## Requirement
Reproduce the records exactly.

## Provided data
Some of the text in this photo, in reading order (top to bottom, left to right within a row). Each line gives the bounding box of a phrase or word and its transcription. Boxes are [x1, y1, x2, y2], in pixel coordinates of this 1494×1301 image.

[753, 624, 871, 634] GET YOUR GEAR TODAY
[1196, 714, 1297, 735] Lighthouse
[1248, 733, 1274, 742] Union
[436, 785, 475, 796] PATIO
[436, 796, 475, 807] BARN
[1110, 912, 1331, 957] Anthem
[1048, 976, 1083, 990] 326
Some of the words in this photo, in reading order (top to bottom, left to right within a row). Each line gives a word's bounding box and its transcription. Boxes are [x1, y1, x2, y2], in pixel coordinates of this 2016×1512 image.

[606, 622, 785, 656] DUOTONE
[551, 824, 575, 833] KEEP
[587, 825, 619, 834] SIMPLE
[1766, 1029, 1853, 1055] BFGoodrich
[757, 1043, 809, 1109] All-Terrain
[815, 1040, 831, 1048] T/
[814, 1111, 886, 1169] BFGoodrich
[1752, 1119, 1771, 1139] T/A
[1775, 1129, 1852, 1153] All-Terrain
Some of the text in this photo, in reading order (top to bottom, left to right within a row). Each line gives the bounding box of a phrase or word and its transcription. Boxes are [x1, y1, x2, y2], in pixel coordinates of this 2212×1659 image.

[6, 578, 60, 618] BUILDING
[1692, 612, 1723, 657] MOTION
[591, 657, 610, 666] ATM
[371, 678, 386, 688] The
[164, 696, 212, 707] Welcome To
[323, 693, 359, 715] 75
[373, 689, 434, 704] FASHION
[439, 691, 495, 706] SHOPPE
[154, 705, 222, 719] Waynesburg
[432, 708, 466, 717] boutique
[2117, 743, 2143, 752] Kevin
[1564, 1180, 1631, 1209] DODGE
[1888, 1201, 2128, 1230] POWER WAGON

## Reply to the task
Some of the text in this photo, in reading order (top to bottom, left to right within a row). Each line gives the bounding box of a phrase or word and its transcription. Boxes are [x1, y1, x2, y2], in pixel coordinates of this 1494×1301 image.

[753, 624, 871, 634] GET YOUR GEAR TODAY
[1196, 714, 1297, 735] Lighthouse
[1248, 733, 1274, 742] Union
[436, 785, 475, 796] PATIO
[436, 796, 475, 807] BARN
[1110, 912, 1331, 957] Anthem
[1048, 976, 1083, 990] 326
Some of the words in this photo, in reading order (top to bottom, left to right within a row). Each line gives a word's bounding box and its transcription. Boxes are [x1, y1, x2, y2], in pixel coordinates of this 2016×1512 image.

[606, 622, 785, 656] DUOTONE
[551, 824, 575, 833] KEEP
[587, 825, 619, 834] SIMPLE
[1766, 1029, 1853, 1055] BFGoodrich
[757, 1043, 809, 1109] All-Terrain
[815, 1040, 831, 1048] T/
[814, 1111, 886, 1169] BFGoodrich
[1752, 1119, 1771, 1139] T/A
[1775, 1129, 1852, 1153] All-Terrain
Some of the text in this photo, in reading order (top to bottom, left to right within a row). Each line gives the bounding box of a phrase or word and its transcription. Boxes are [x1, y1, x2, y2], in pixel coordinates of this 2212×1659 image.

[6, 578, 60, 618] BUILDING
[1692, 612, 1723, 657] MOTION
[591, 657, 610, 666] ATM
[371, 678, 386, 688] The
[164, 696, 212, 707] Welcome To
[323, 693, 359, 715] 75
[373, 689, 434, 704] FASHION
[439, 691, 495, 706] SHOPPE
[154, 705, 222, 719] Waynesburg
[432, 708, 466, 717] boutique
[2117, 743, 2143, 752] Kevin
[1564, 1180, 1631, 1209] DODGE
[1888, 1201, 2128, 1230] POWER WAGON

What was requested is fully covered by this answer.